花が揺れているのは花の意思ではなく、風によって揺られているだけだが、私はそういう花になった気分。
何か違うと思いながら風による揺れを自分の力で揺れていると思い込んで解釈している、その辺の雑草の類に分けられる花と同じ気分。
いつ終わるんだろうというものに世界は巻き込まれているけれど、それもいつかは終わる。

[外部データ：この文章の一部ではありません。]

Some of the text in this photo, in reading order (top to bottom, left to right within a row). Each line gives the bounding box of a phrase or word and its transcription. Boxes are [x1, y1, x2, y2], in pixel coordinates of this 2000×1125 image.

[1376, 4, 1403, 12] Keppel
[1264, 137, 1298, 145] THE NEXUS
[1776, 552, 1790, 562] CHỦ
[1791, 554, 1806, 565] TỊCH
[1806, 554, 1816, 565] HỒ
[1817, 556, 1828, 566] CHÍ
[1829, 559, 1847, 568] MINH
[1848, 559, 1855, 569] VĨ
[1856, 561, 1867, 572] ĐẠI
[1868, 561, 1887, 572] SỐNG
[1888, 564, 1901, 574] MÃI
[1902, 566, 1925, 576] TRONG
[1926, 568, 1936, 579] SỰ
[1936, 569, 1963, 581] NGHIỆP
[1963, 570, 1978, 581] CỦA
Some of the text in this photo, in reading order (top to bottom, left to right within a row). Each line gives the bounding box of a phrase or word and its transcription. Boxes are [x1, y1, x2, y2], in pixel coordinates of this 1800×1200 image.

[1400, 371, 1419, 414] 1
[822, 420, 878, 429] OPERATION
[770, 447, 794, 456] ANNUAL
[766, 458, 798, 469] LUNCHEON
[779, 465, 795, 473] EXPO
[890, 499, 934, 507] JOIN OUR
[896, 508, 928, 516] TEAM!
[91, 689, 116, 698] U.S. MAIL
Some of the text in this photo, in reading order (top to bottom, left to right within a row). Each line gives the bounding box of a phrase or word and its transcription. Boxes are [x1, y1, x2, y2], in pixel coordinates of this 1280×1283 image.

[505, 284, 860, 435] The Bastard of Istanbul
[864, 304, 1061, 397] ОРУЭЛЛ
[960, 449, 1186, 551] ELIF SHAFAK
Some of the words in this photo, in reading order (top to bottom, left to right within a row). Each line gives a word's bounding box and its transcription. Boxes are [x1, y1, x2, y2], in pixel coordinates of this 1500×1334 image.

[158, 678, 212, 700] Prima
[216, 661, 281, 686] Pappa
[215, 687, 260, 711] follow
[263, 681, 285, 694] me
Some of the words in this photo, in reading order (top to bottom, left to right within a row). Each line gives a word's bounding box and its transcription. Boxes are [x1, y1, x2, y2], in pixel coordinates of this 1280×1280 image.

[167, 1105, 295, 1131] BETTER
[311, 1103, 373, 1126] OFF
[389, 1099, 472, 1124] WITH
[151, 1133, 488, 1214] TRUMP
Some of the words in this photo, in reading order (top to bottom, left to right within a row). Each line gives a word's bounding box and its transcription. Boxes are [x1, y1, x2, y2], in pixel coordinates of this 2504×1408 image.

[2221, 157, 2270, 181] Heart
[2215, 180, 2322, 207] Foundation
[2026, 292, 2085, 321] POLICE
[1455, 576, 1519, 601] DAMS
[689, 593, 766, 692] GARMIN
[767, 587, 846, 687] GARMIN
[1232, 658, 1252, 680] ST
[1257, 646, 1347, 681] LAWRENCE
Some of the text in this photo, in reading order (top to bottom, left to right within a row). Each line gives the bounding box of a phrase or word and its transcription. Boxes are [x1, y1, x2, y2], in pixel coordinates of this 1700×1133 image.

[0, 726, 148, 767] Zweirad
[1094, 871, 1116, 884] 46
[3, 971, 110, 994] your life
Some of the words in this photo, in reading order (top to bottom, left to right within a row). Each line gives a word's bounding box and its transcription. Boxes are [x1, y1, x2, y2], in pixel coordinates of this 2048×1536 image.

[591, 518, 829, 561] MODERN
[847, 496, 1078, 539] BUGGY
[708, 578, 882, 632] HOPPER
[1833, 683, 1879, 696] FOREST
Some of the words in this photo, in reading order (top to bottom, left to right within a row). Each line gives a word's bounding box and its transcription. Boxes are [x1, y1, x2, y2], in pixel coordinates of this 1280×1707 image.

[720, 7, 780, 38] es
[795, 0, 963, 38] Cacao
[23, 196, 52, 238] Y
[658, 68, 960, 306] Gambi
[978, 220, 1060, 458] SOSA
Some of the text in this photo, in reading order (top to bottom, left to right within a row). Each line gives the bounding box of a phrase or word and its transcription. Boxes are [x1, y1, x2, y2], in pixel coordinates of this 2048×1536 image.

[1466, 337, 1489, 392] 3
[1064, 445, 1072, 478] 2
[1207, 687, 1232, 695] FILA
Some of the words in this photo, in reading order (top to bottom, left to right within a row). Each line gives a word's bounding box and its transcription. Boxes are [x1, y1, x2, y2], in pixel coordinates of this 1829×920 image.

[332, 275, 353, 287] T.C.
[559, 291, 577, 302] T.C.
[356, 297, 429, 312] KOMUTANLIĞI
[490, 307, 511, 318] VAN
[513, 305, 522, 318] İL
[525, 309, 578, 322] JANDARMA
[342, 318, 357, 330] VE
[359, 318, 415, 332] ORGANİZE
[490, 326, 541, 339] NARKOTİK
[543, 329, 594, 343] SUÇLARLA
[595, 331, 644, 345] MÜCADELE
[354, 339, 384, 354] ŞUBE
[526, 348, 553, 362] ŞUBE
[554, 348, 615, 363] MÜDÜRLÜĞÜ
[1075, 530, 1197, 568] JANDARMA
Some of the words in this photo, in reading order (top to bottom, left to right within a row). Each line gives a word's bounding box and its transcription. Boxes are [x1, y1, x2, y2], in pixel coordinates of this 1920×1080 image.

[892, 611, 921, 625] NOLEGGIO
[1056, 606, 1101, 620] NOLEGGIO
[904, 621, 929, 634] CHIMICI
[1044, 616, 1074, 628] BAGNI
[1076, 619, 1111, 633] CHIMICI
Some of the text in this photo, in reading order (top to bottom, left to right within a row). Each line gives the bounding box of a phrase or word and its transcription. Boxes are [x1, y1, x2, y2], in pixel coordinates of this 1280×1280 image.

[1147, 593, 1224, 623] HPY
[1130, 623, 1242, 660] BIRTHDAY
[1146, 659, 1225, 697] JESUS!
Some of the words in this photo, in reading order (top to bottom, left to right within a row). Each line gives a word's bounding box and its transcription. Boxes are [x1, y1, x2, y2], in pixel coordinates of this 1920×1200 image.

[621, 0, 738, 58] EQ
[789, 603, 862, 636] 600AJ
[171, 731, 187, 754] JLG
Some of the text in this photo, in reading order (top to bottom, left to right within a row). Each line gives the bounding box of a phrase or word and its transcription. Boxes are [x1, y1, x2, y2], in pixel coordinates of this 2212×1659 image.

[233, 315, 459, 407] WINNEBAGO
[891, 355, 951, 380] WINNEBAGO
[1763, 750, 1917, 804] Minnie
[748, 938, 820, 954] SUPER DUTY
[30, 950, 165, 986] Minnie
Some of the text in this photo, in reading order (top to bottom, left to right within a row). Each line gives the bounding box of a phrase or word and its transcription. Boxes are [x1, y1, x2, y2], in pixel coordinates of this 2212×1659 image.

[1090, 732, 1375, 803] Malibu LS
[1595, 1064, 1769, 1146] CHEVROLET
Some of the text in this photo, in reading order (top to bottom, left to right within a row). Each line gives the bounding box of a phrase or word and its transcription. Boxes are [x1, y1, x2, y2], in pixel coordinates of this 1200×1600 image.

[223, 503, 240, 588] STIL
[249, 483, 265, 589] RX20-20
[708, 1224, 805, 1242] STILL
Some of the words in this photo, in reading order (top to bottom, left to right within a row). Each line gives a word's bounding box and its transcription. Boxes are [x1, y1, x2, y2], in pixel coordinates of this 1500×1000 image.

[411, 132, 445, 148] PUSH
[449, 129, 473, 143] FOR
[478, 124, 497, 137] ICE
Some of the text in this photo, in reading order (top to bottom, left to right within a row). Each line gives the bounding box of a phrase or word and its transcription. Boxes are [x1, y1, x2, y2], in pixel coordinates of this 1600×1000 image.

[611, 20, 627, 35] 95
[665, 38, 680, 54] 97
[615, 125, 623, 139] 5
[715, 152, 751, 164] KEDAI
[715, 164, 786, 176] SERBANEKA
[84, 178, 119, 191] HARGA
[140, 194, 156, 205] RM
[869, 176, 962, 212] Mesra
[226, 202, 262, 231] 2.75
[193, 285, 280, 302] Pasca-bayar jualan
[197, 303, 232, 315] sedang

あまりに某感染症のことばかり考えると精神衛生上良くない。
だからといって現実から目を背けるわけにもいかない。
結局帰省ができなかったというのは誰かに止められたのではなく、私が自らやめたこと。
私が帰ったとして、もし私の周りが苦しんだとしたら?という最悪ルートは断ちたかった。
真面目すぎると言われるかもしれない。
しかしよく考えた結果、帰省はやめた。
おそらく帰ってくると思っていたであろう実家には、よく説明をして帰らぬ旨を伝えた。
意外と理解してくれた。
ほっとしたとともに帰省の目処が来年まで立たないこともあり、複雑な気持ちであった。
こんな時も日々働いている医療に従事してる人のこと、今後のこと思うと、とても私は帰れなかった。